Phrase grounding data
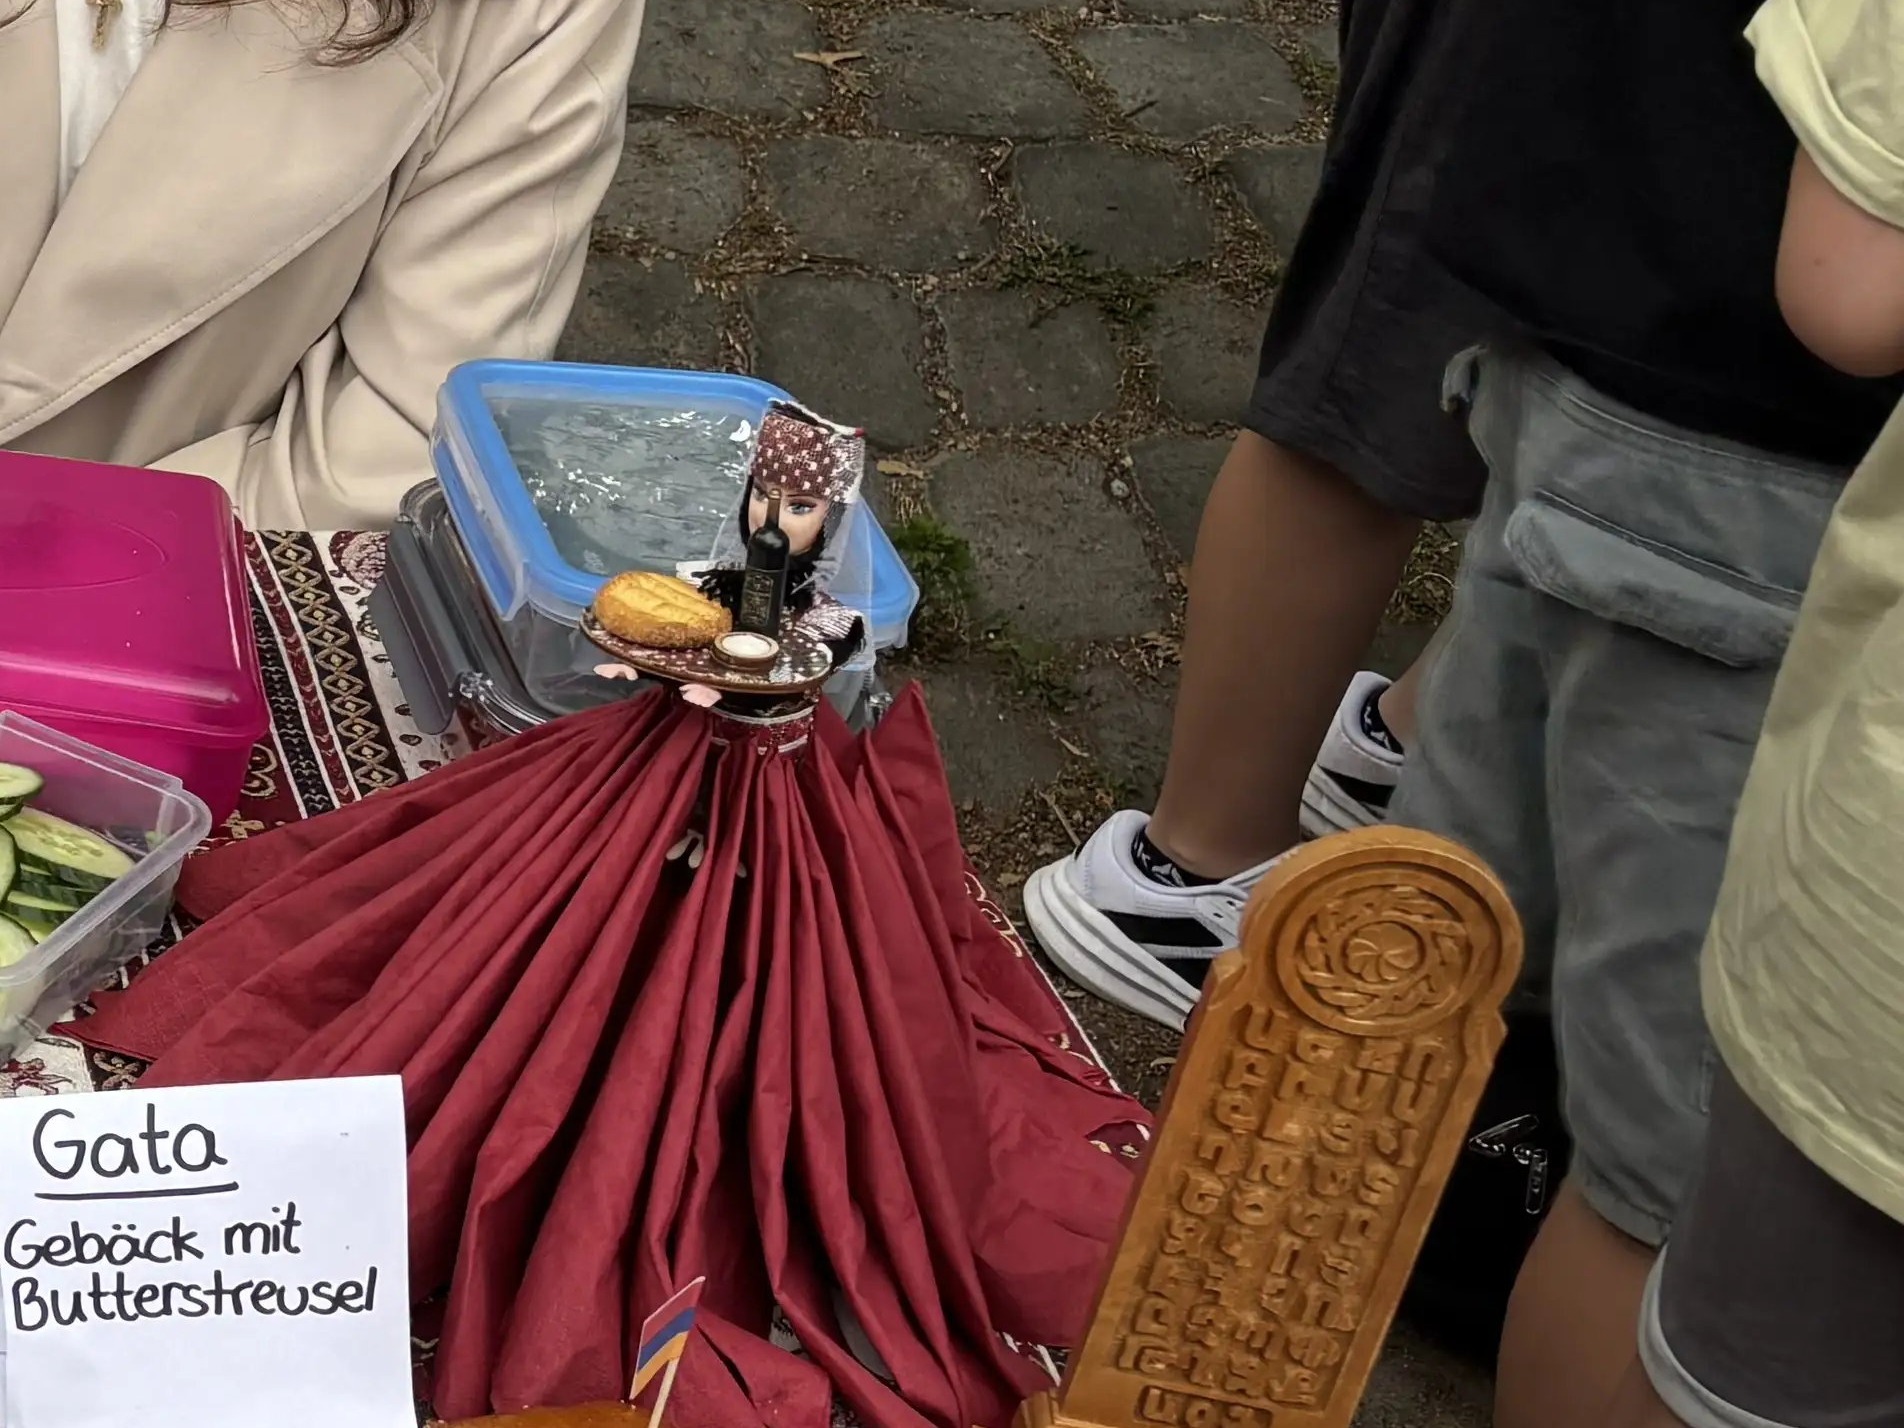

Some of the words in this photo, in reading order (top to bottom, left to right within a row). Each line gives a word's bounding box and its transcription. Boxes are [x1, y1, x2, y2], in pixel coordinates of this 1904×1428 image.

[32, 1102, 228, 1180] Gata
[3, 1216, 204, 1270] Gebäck
[224, 1201, 302, 1255] mit
[12, 1266, 378, 1332] Butterstreusel
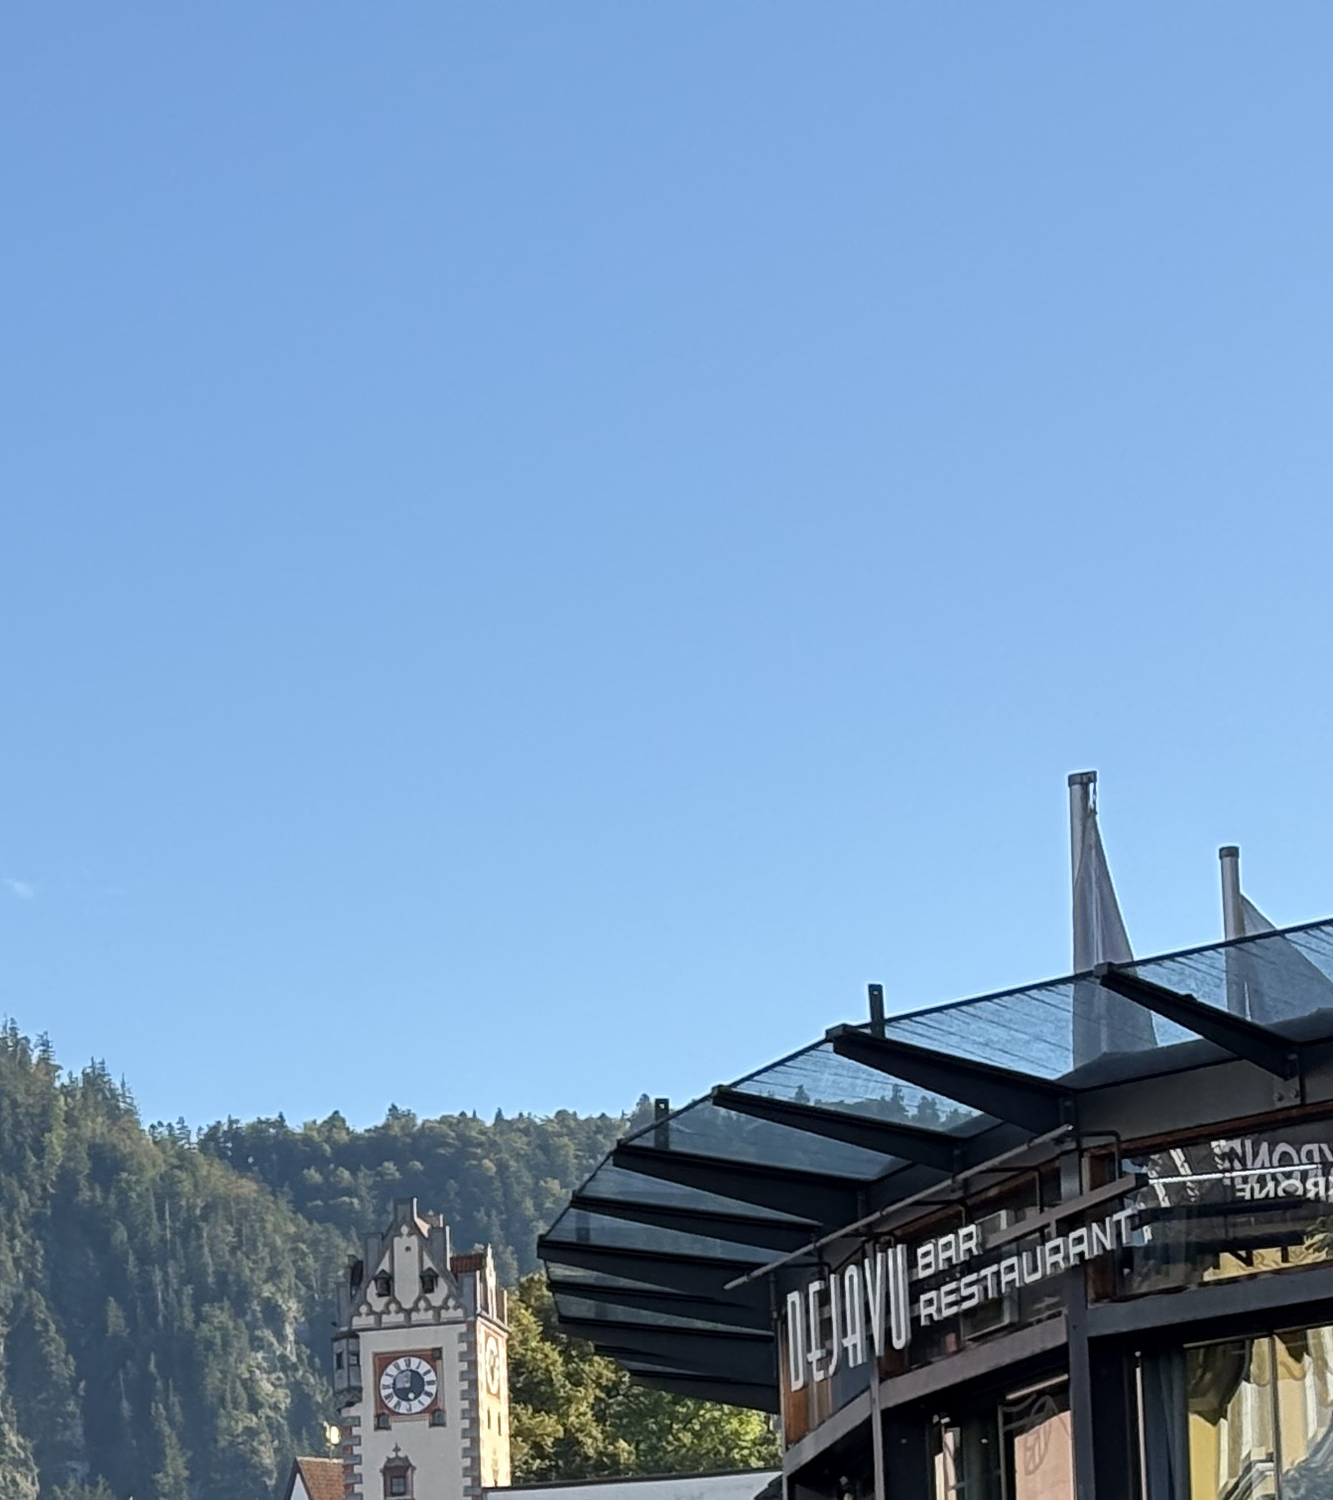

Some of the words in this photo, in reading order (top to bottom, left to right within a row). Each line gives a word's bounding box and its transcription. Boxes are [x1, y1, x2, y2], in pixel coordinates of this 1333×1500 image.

[917, 1224, 980, 1280] BAR
[920, 1207, 1139, 1327] RESTAURANT
[787, 1244, 911, 1392] DEJAVU

Task directions: Take the line that contains "this 1333×1500 image." and each line after it down to the last of the records, and retype them exactly; add nothing else.

Task result:
Some of the words in this photo, in reading order (top to bottom, left to right within a row). Each line gives a word's bounding box and its transcription. Boxes are [x1, y1, x2, y2], in pixel coordinates of this 1333×1500 image.

[917, 1224, 980, 1280] BAR
[920, 1207, 1139, 1327] RESTAURANT
[787, 1244, 911, 1392] DEJAVU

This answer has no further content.